In 1864, the book "North American Scenery, Being selections from C.J. Way's Studies, 1863-64", a pictorial album of views of North American Scenery with 12 mounted photographs by W. Notman was produced from Way's sepia watercolour studies by Notman. In 1865, "Notman's Photographic Selections, Second Series", reproduced Way's English and Welsh scenic landscapes, the result of a trip to England in 1864. In 1865, Way exhibited paintings with the Royal British Society of Artists and the Royal Academy of Arts in London as well as exhibiting his work in Montreal in 1864 and 1865.

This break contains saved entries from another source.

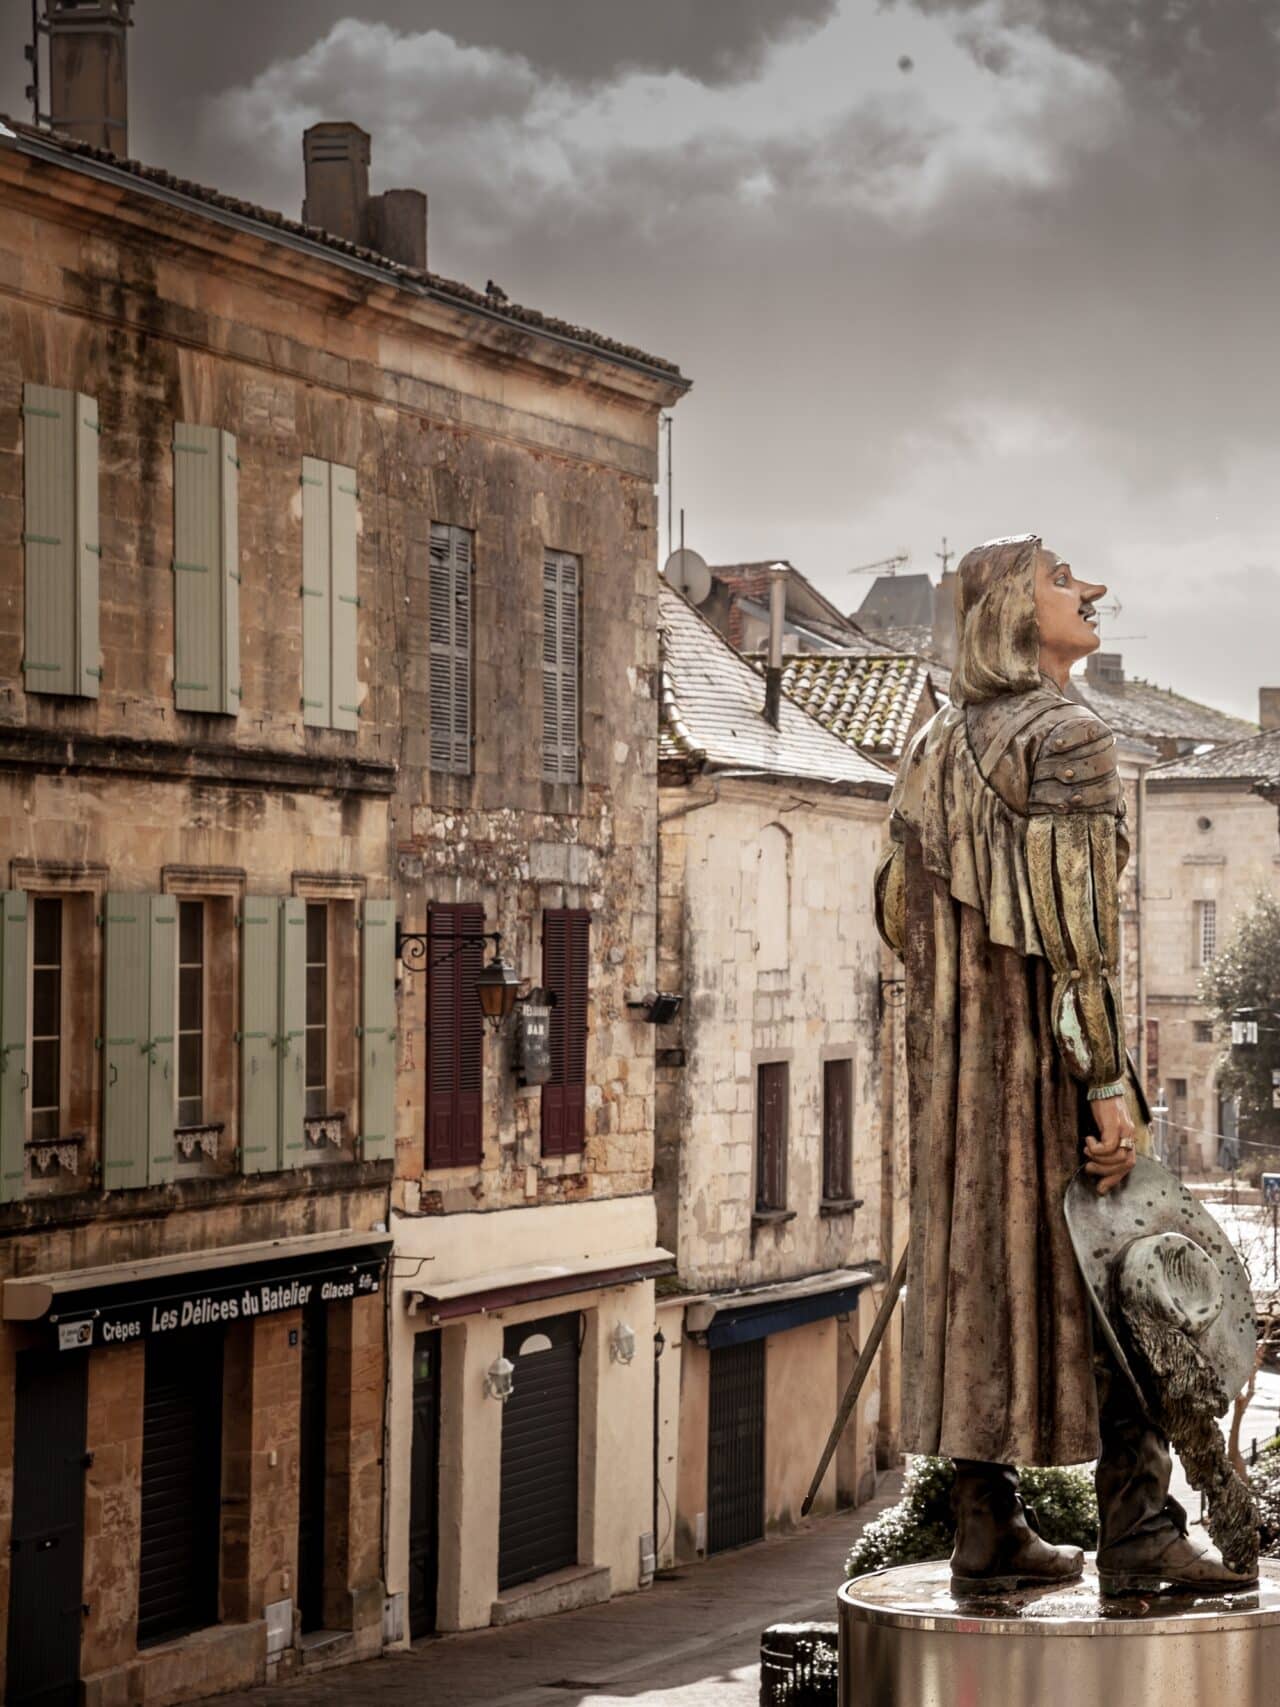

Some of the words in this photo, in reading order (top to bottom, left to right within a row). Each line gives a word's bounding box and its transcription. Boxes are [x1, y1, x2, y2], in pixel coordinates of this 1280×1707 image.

[527, 1023, 545, 1036] BAR
[102, 1320, 141, 1342] Crêpes
[151, 1306, 179, 1333] Les
[180, 1297, 239, 1328] Délices
[241, 1289, 260, 1316] du
[261, 1281, 312, 1312] Batelier
[321, 1281, 354, 1299] Glaces
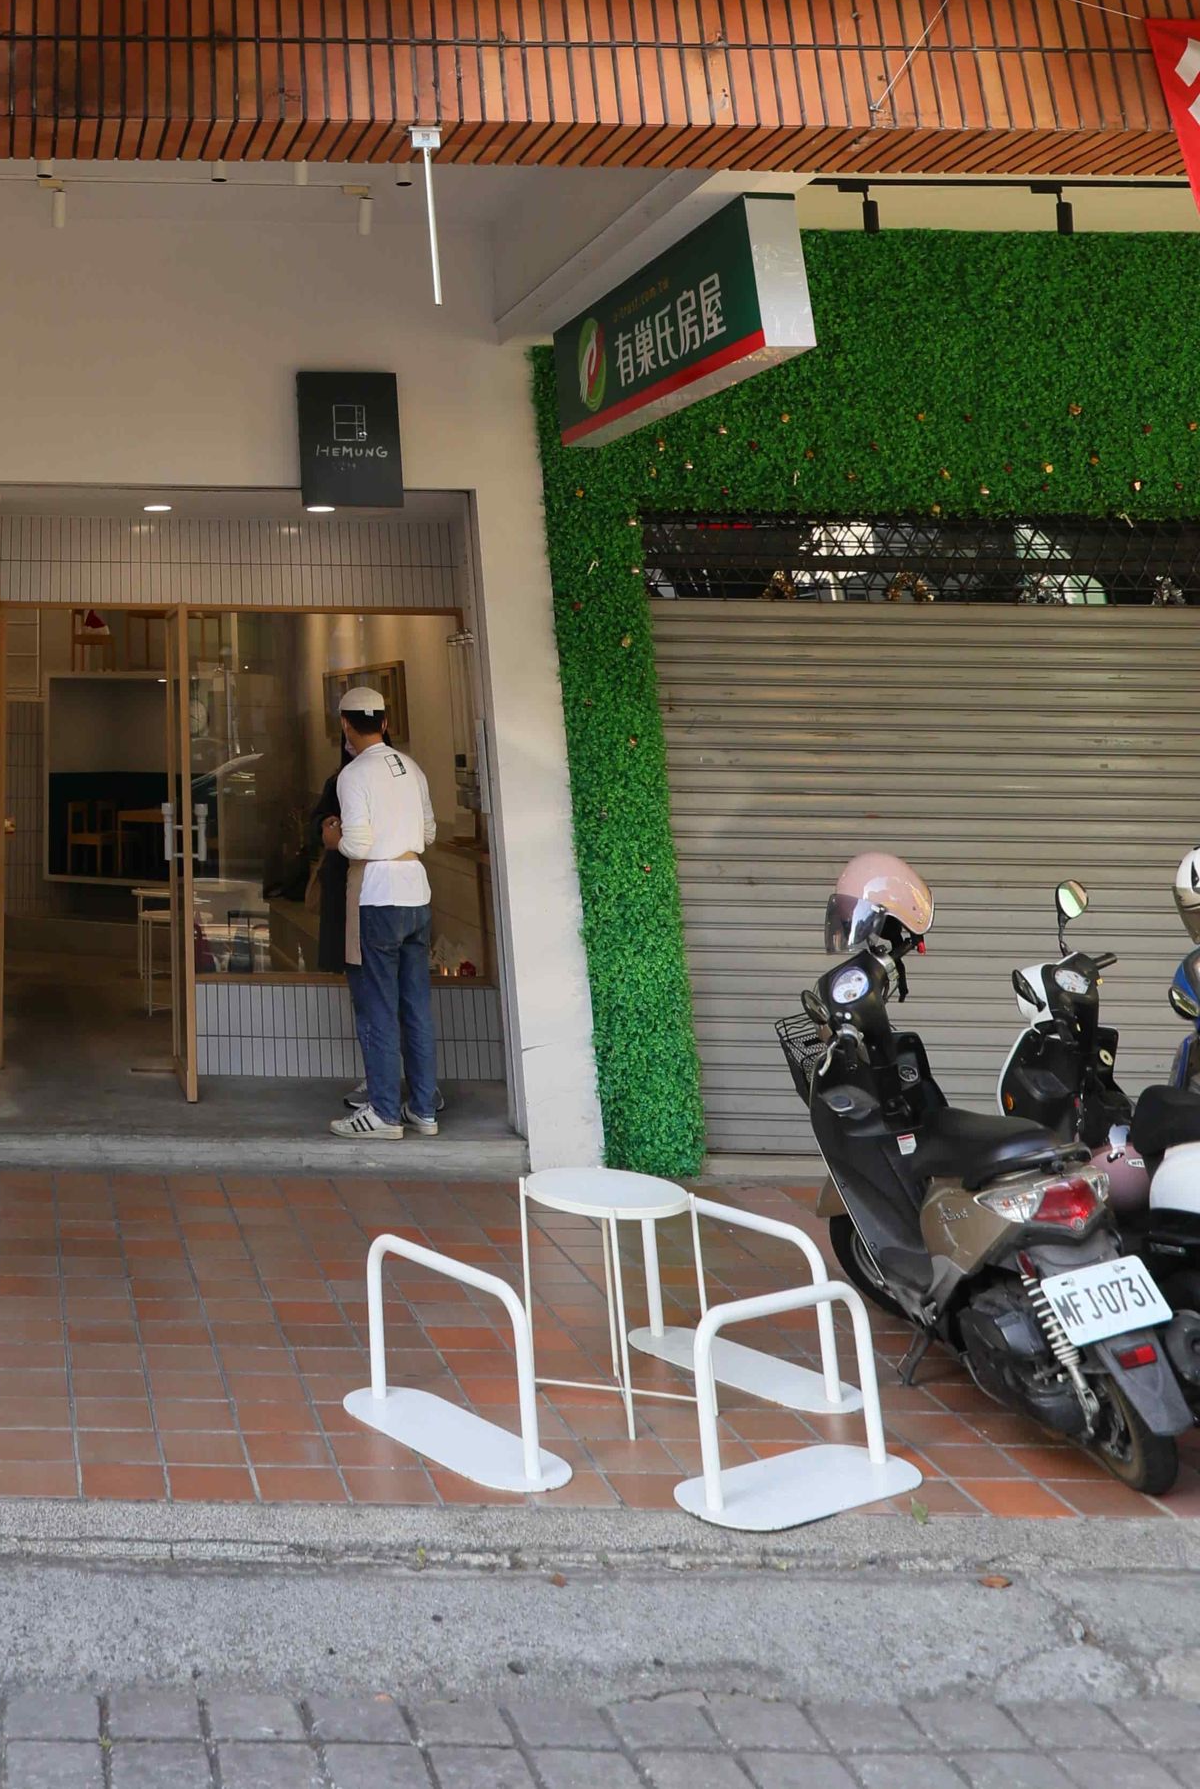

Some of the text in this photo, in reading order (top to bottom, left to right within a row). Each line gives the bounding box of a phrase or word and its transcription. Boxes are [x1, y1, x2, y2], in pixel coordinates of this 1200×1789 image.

[614, 273, 727, 387] 有巢氏房屋
[316, 444, 388, 458] HEMUNG

He was President of the Society of Canadian Artists (formed in 1867) in 1870 with whom he exhibited in their second exhibition (1870). Also in 1870, Way was elected a Councillor of the Art Association of Montreal (AAM) and his painting Monte Rotondo was selected as the AAM's first purchase. The same year Way was elected to the Board of the Arts and Manufacturers - he was the only artist - because they intended to establish an art school.

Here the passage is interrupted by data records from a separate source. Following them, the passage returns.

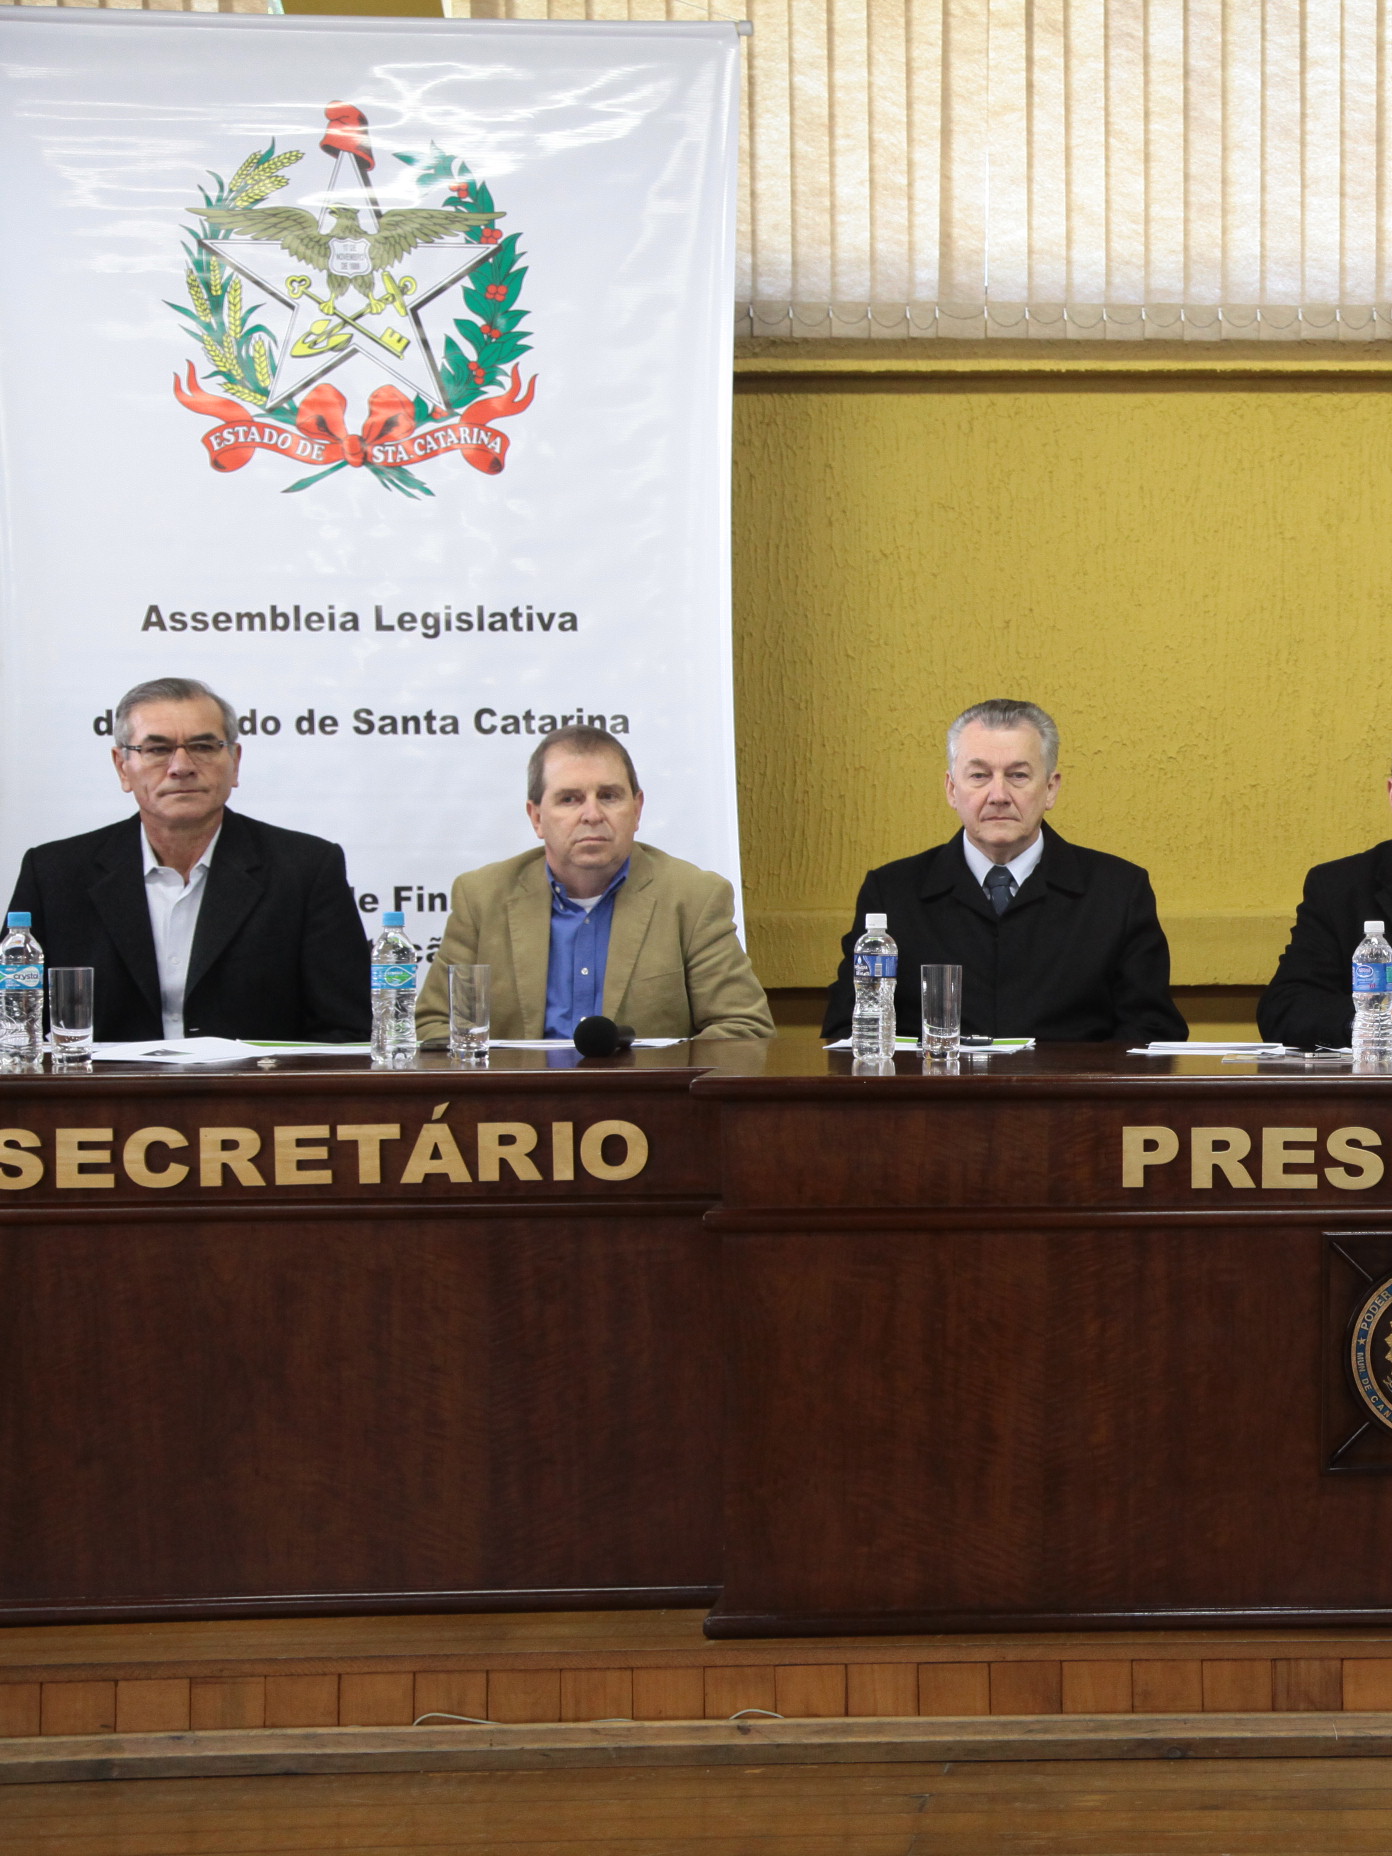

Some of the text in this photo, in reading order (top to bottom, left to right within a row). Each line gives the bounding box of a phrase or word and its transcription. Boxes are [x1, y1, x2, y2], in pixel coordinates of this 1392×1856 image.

[210, 426, 293, 451] ESTADO
[296, 438, 325, 460] DE
[414, 422, 502, 454] CATARINA
[140, 604, 579, 639] Assembleia Legislativa
[295, 708, 339, 736] de
[352, 708, 460, 737] Santa
[474, 707, 630, 735] Catarina
[393, 886, 448, 912] Fin
[0, 1101, 649, 1191] SECRETÁRIO
[1361, 1290, 1391, 1331] PODER
[1361, 1378, 1371, 1391] DE

In the spring of 1873, due to a smallpox outbreak in Montreal, Way and his family travelled to London, England. In 1874, they moved to Switzerland and settled in Lausanne where he became a member of the Société des Peintres et Sculpteurs Suisses. Way continued to send paintings for exhibition at the Royal Canadian Academy and the Art Association of Montreal. In 1876 he showed six paintings in oil and watercolour in the Canadian section of the Centennial International Exposition in Philadelphia and was awarded a silver medal.

In 1880 Way was elected an Academician of the Royal Canadian Academy of Arts (RCA) in Ottawa, and was considered a charter member of the newly formed Academy, although he was an honorary non-resident member. In 1884 he donated a watercolour to the Royal Canadian Academy of Arts' collection of fine art that formed the beginning of the National Gallery of Canada's collection. Way continued to maintain his connections with Montreal and send paintings depicting European and British landscapes for exhibition with the Royal Canadian Academy and the Art Association of Montreal until a year before he died.

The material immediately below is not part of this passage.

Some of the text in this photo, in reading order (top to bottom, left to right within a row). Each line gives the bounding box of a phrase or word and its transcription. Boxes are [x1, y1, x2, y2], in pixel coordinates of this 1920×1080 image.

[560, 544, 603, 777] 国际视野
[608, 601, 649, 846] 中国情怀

In 1898 Way was commissioned by the Canadian Pacific Railroad (CPR) to paint a series of Canadian landscapes. He returned to Canada for about two years with his daughter Aimée, also an artist, and became a member of the Pen and Pencil Club of Montreal. It was reported in a local paper that he intended to make Montreal his home and that in many houses there were paintings from his early career. Way began his CPR commission on the Atlantic coast and travelled westward along the railway line to British Columbia. In 1899 he exhibited paintings of the Rocky Mountains with the RCA. His job finished, he returned to Lausanne, Switzerland where he died in 1919.

His work is in a number of public collections in England and Canada including the Royal Collections, London and the National Gallery of Canada, Art Gallery of Ontario, Montreal Museum of Fine Arts, McCord Museum and elsewhere.

== Record sale prices ==
In its auction of June 15, 2022, Cowley Abbott Auction realized a price of $24,000, an Auction Record for Niagara Falls, a watercolour,
dated 1864, 30 x 48 ins ( 76.2 x 121.9 cms ).